What you will do:
With the pictures omitted, write out all of the listing exactly.
====== Supplied material
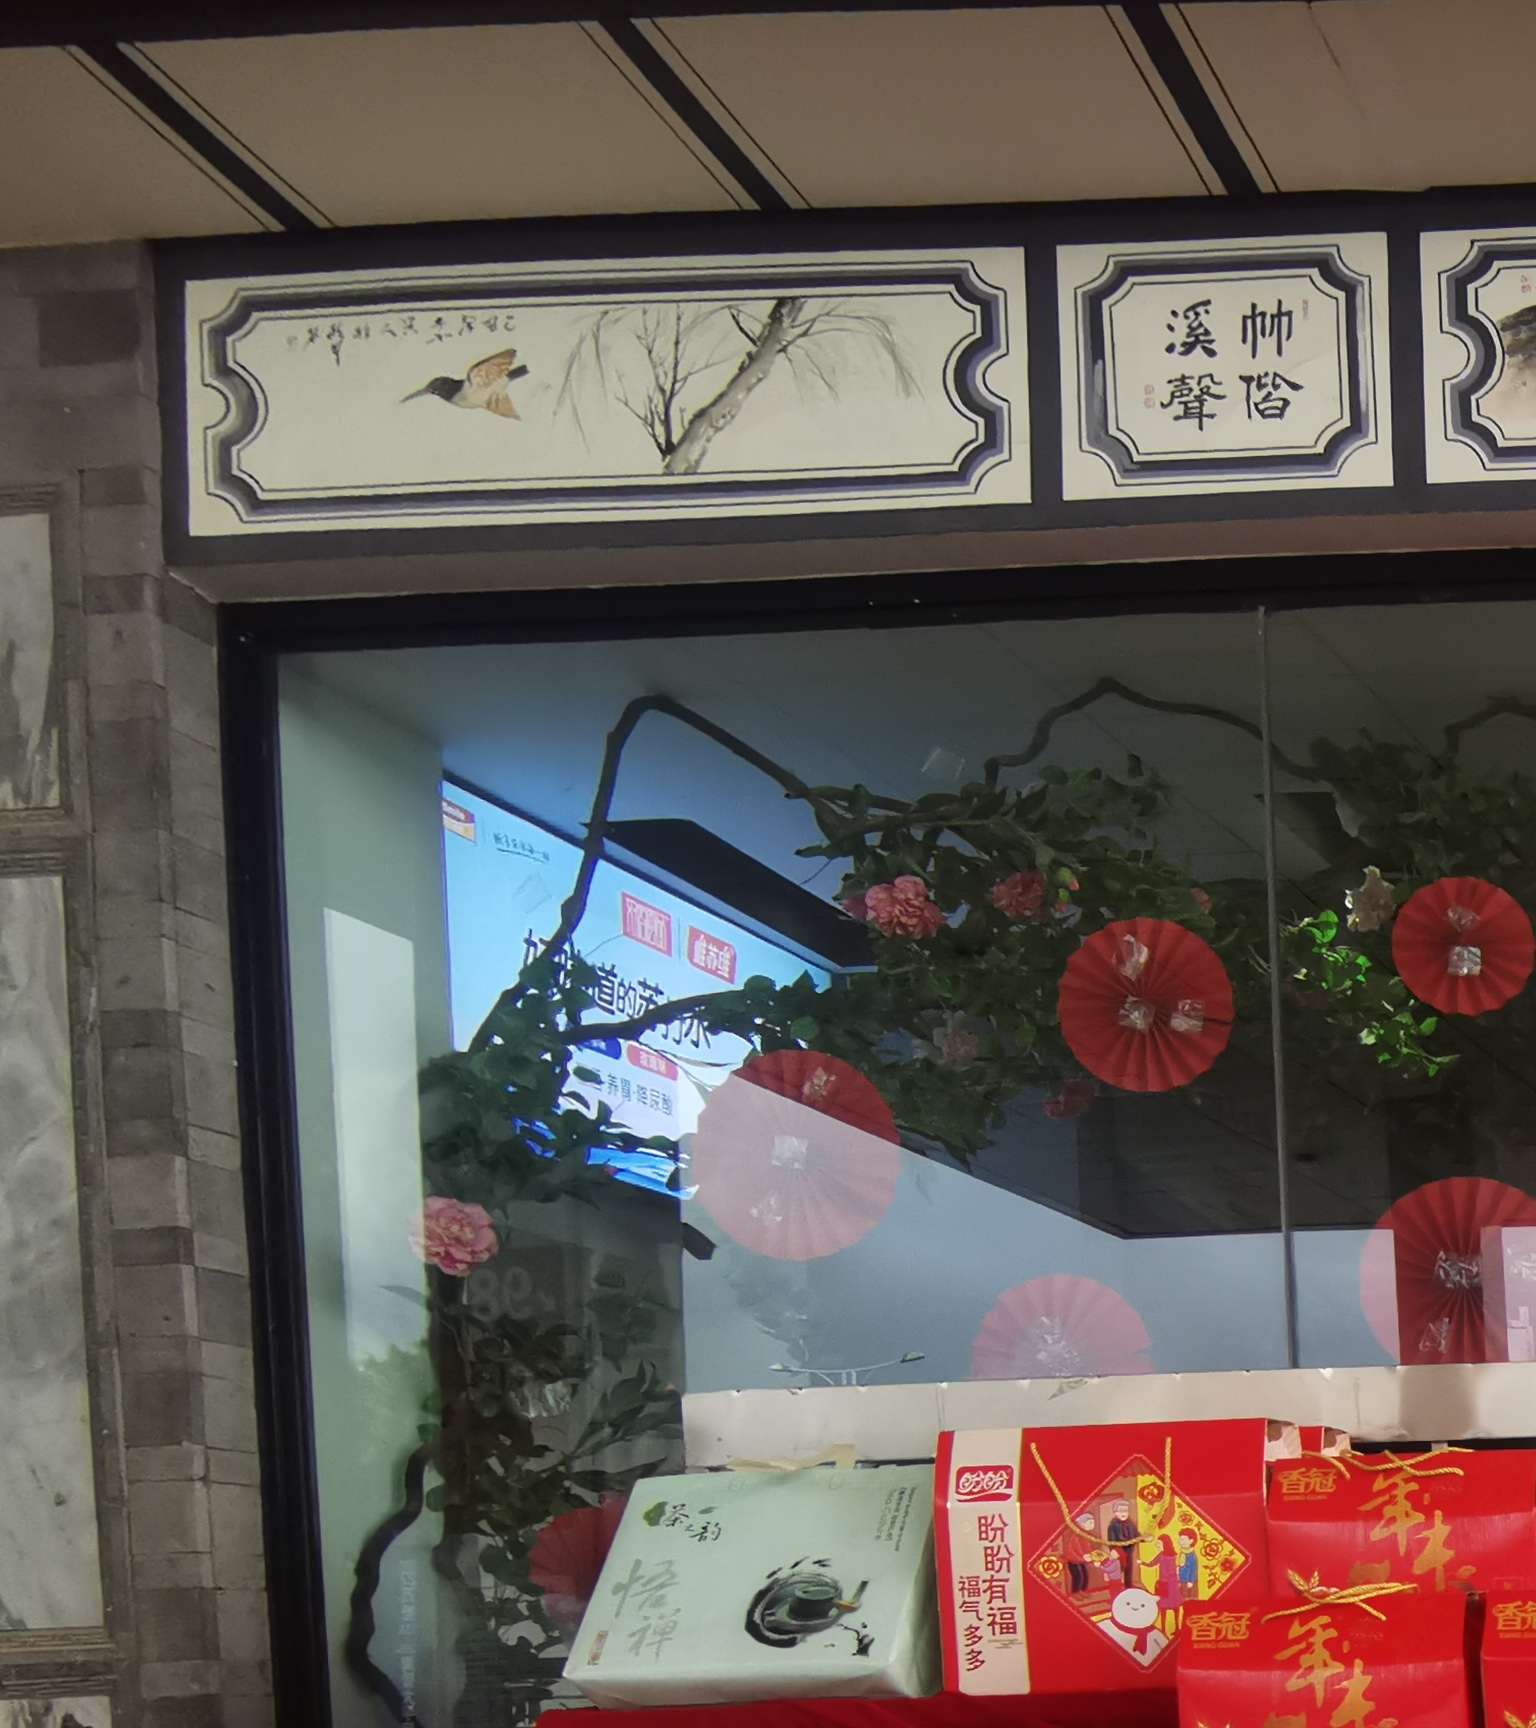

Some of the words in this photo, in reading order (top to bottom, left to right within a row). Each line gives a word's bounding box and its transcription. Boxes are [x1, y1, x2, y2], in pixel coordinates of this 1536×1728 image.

[958, 1470, 1010, 1493] 盼盼
[977, 1512, 1018, 1637] 盼盼有福
[957, 1575, 986, 1672] 福气多多
[1187, 1612, 1250, 1641] 香冠
============
Task response:
Some of the words in this photo, in reading order (top to bottom, left to right within a row). Each line gives a word's bounding box and its transcription. Boxes are [x1, y1, x2, y2], in pixel coordinates of this 1536×1728 image.

[958, 1470, 1010, 1493] 盼盼
[977, 1512, 1018, 1637] 盼盼有福
[957, 1575, 986, 1672] 福气多多
[1187, 1612, 1250, 1641] 香冠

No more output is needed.